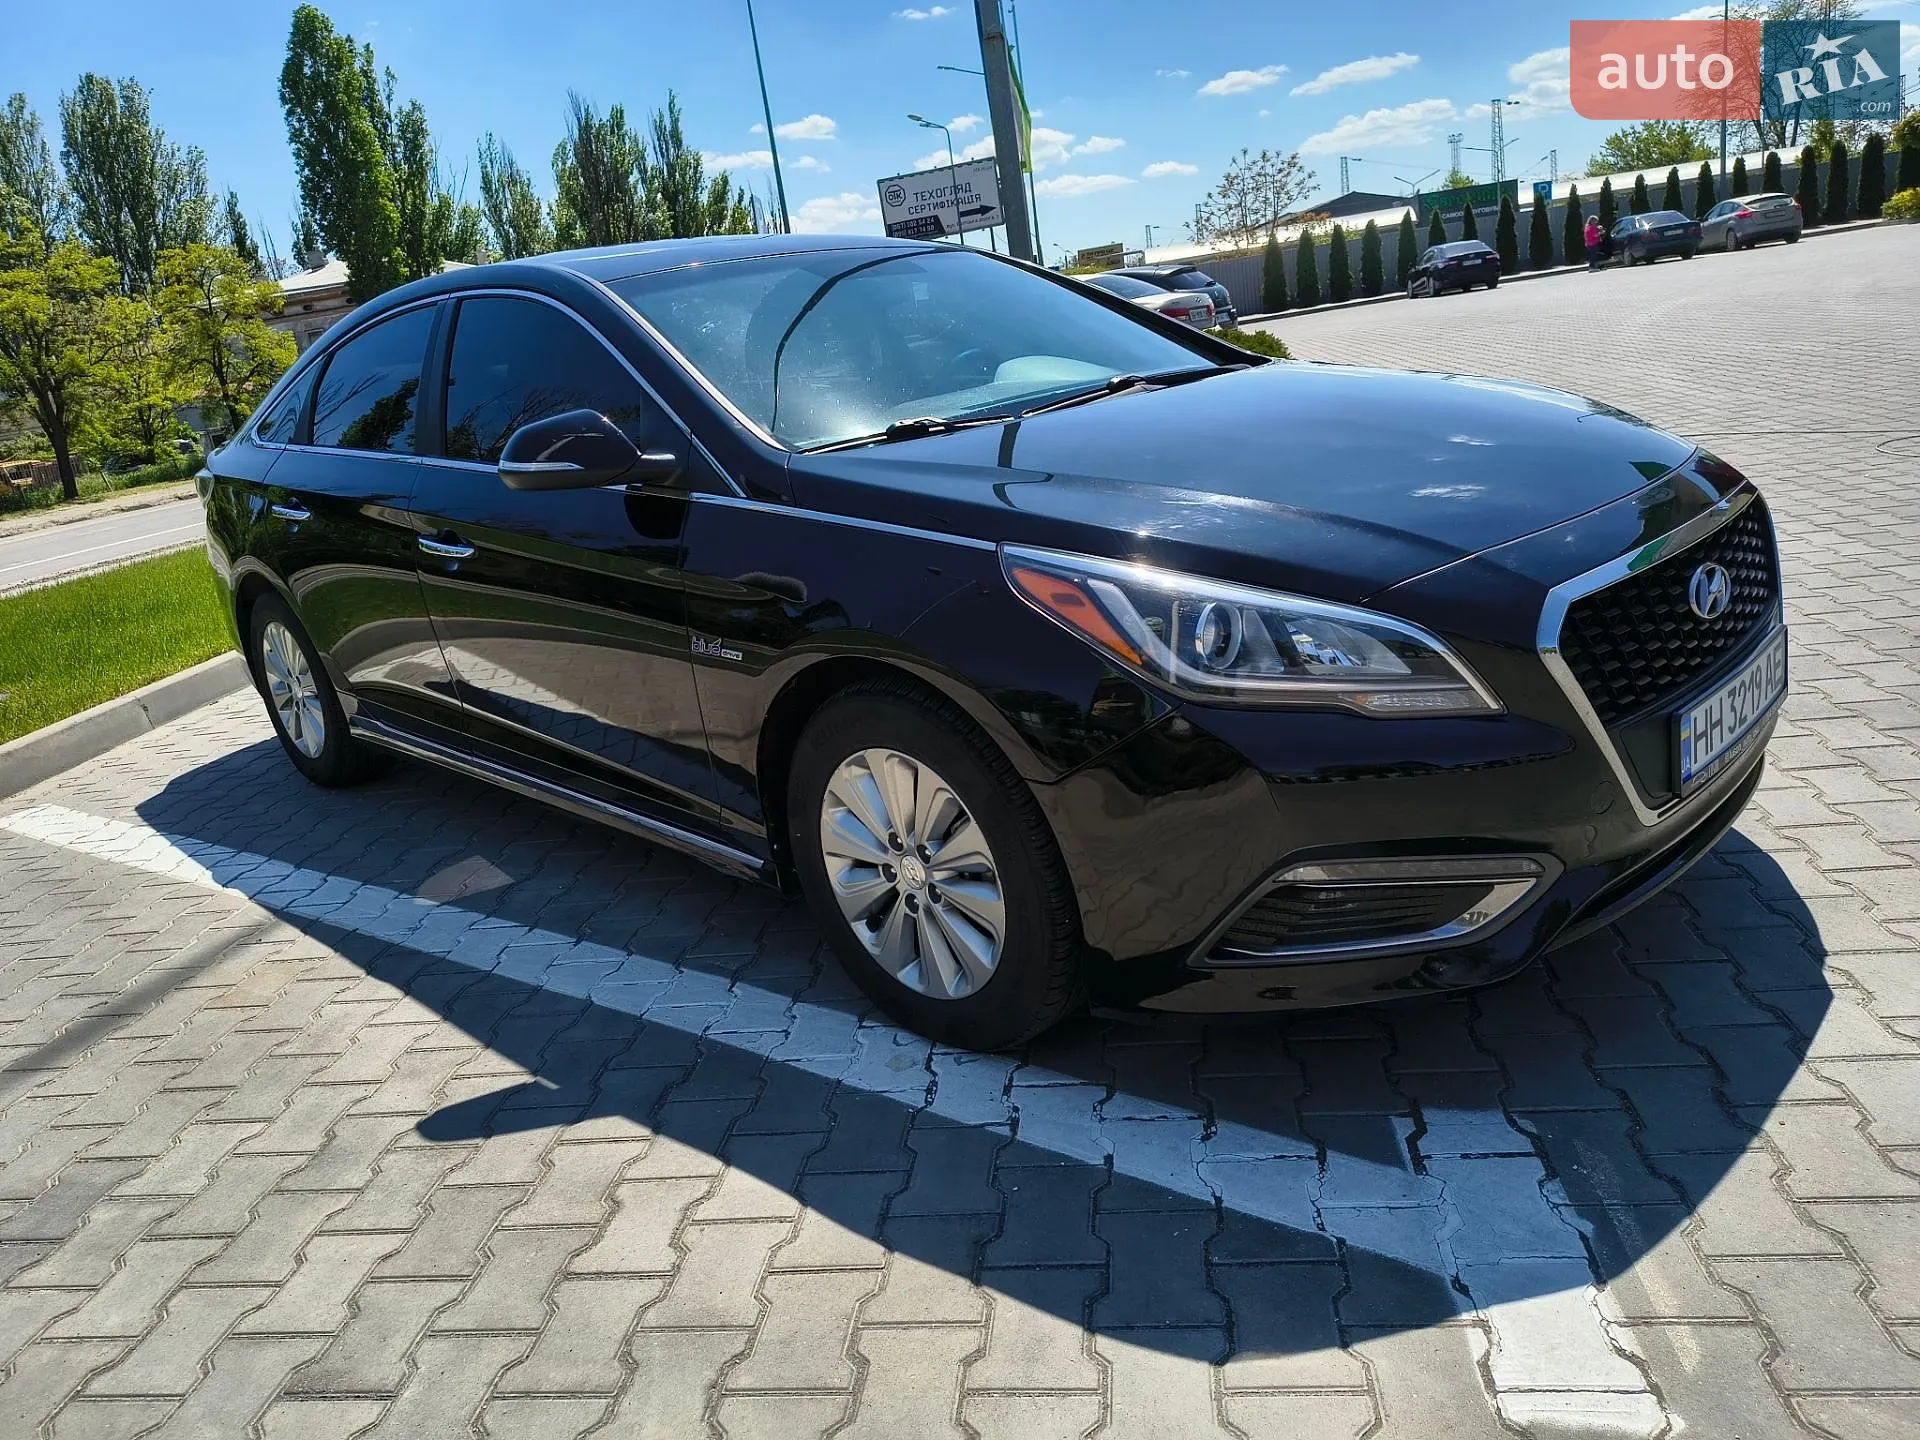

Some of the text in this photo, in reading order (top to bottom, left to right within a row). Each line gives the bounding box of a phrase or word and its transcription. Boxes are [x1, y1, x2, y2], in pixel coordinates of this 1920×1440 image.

[912, 182, 973, 203] ТЕХОГЛЯД
[908, 193, 982, 216] СЕРТИФІКАЦІЯ
[691, 635, 721, 656] blue
[1693, 696, 1724, 764] HH
[1728, 663, 1761, 735] 3219
[1765, 642, 1783, 701] AE
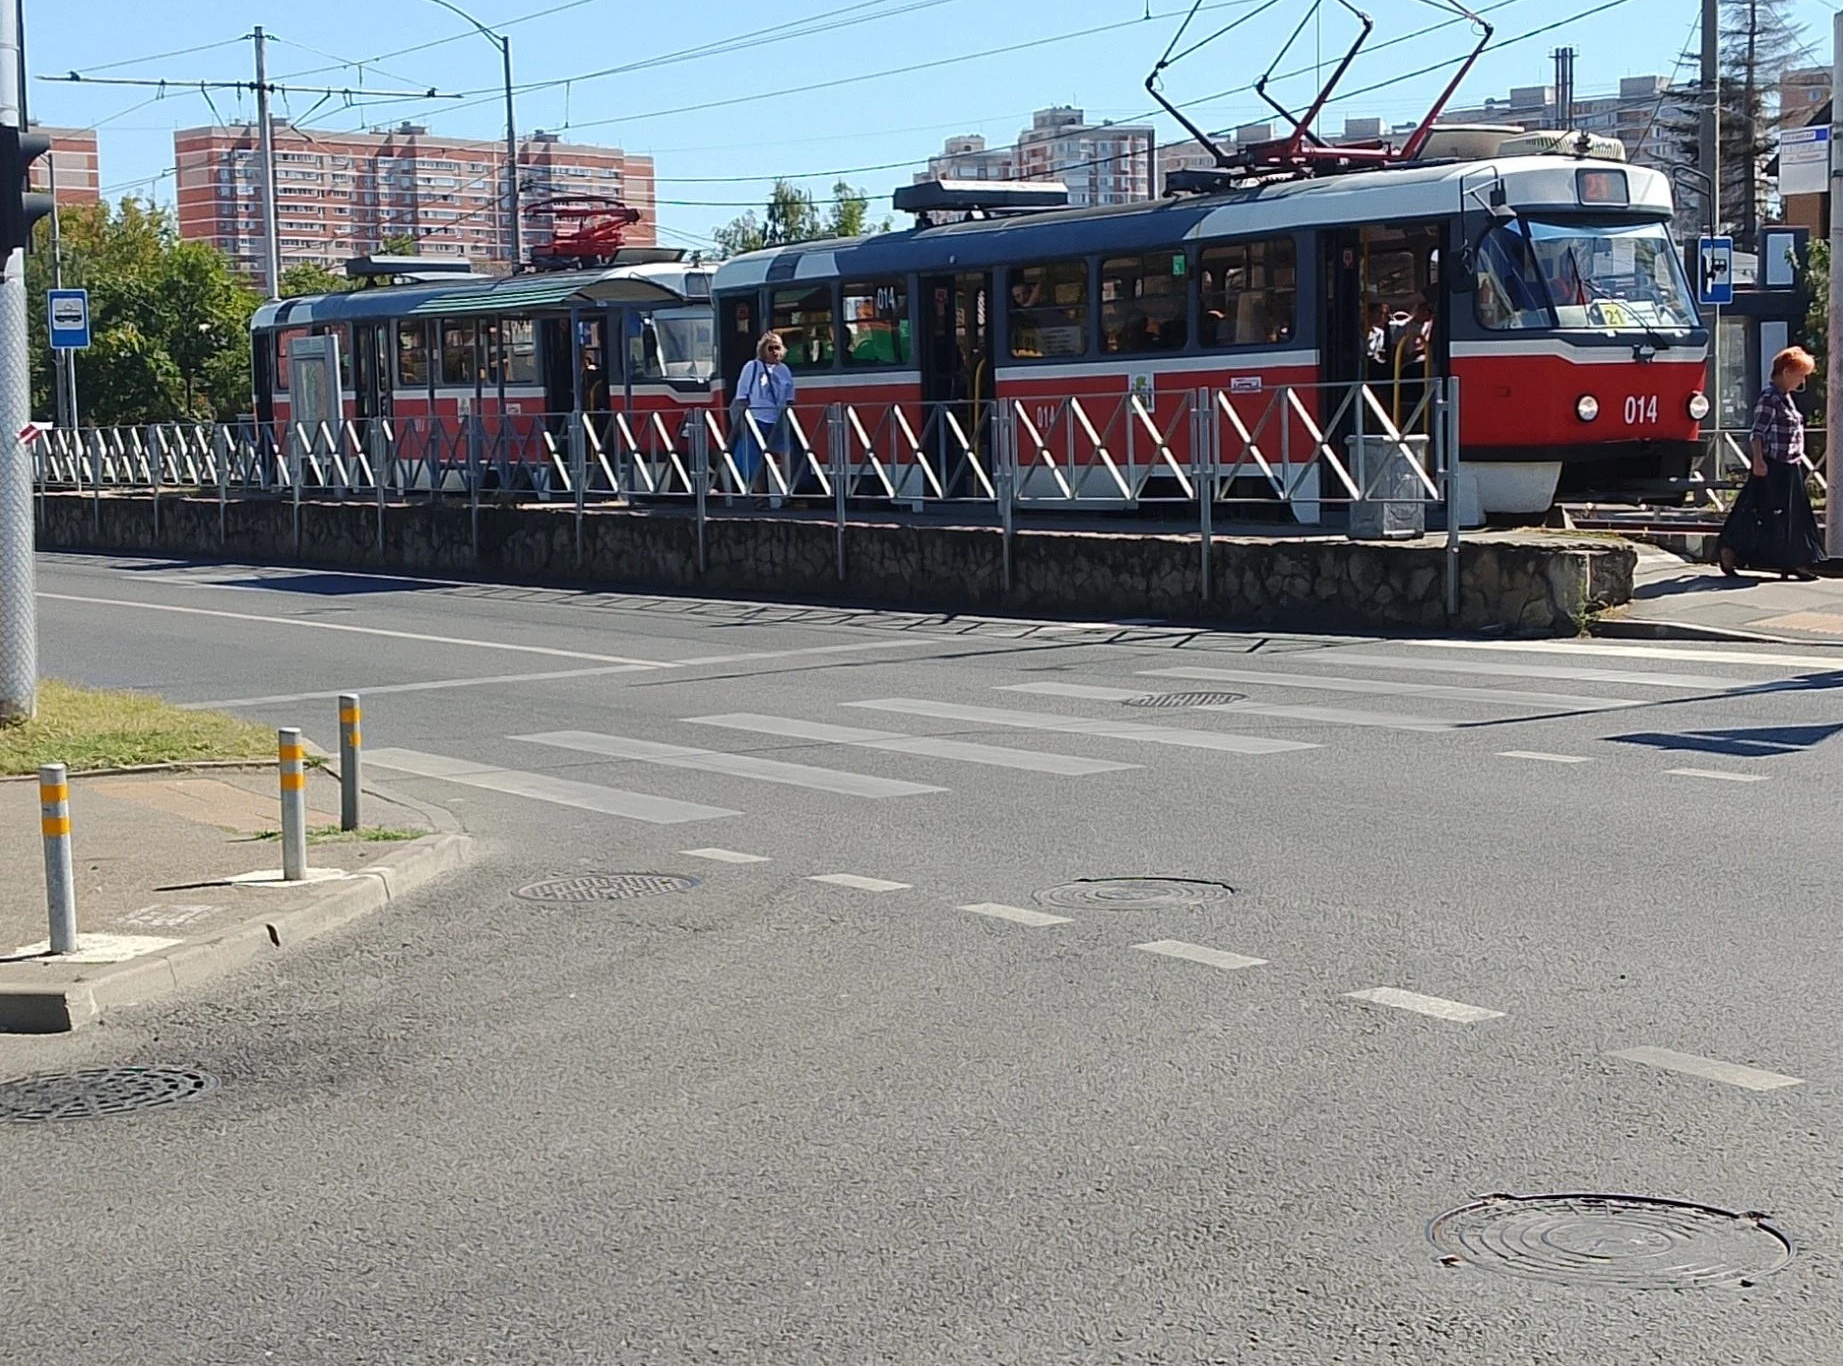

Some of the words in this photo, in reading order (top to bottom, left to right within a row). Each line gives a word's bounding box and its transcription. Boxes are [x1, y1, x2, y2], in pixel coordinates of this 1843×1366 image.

[1585, 174, 1609, 198] 21
[877, 286, 897, 310] 014
[1605, 309, 1624, 325] 21
[1036, 406, 1056, 428] 014
[1624, 395, 1658, 424] 014
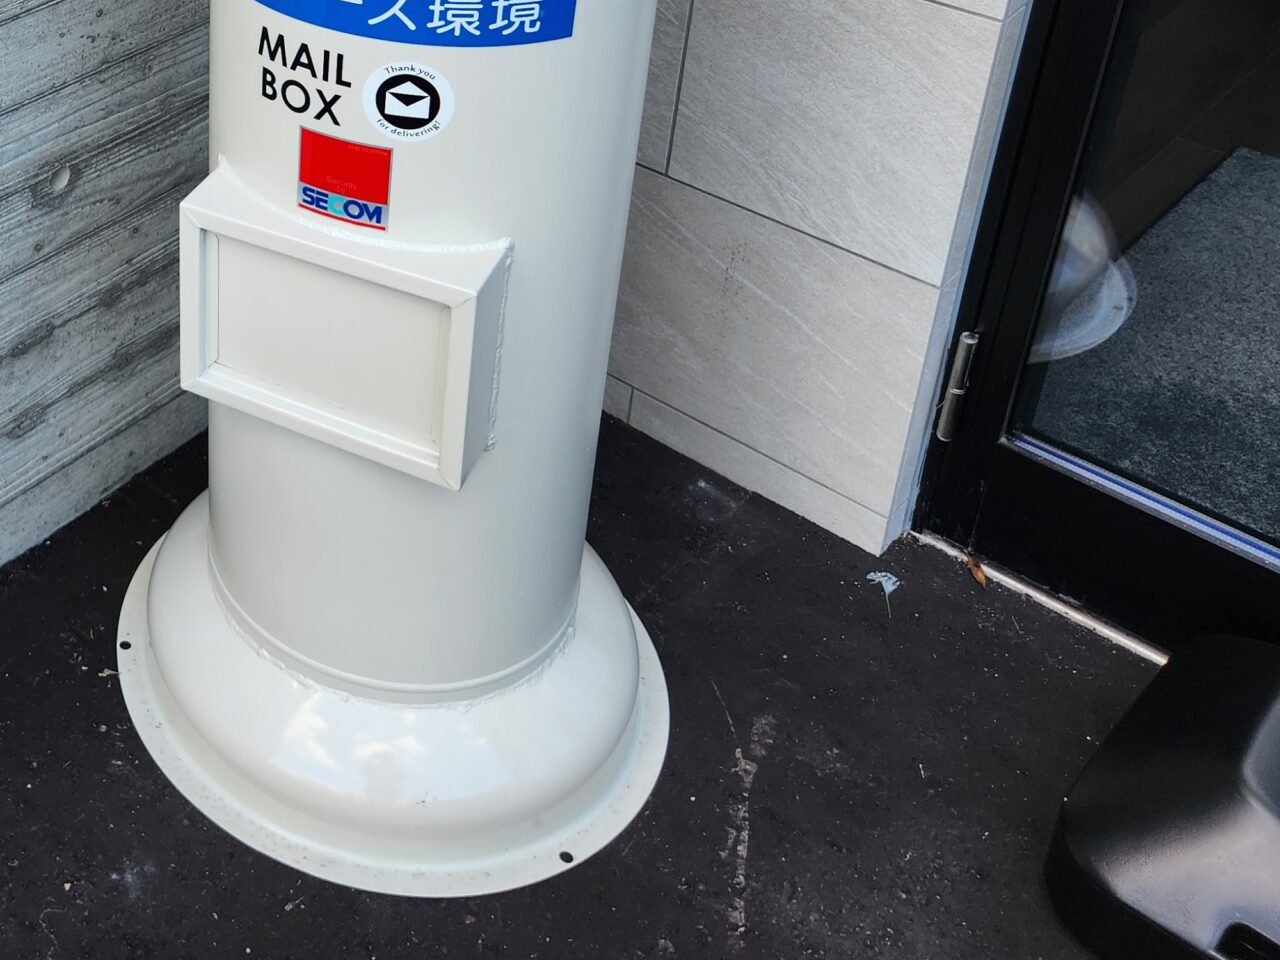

::::

AIM OF THE EXERCISE → Send back the listing exactly as it stands. Do not include the pictures.

EXERCISE ANSWER →
Some of the text in this photo, in reading order (top to bottom, left to right within a row). Each line gives the bounding box of a phrase or word and its transcription. Boxes are [x1, y1, x2, y2], in pixel coordinates of this 1920×1440 image.

[912, 182, 973, 203] ТЕХОГЛЯД
[908, 193, 982, 216] СЕРТИФІКАЦІЯ
[691, 635, 721, 656] blue
[1693, 696, 1724, 764] HH
[1728, 663, 1761, 735] 3219
[1765, 642, 1783, 701] AE

Some of the words in this photo, in reading order (top to bottom, left to right within a row). Each line gives a word's bounding box and its transcription. Boxes are [x1, y1, x2, y2], in pixel coordinates of this 1843×1366 image.

[1585, 174, 1609, 198] 21
[877, 286, 897, 310] 014
[1605, 309, 1624, 325] 21
[1036, 406, 1056, 428] 014
[1624, 395, 1658, 424] 014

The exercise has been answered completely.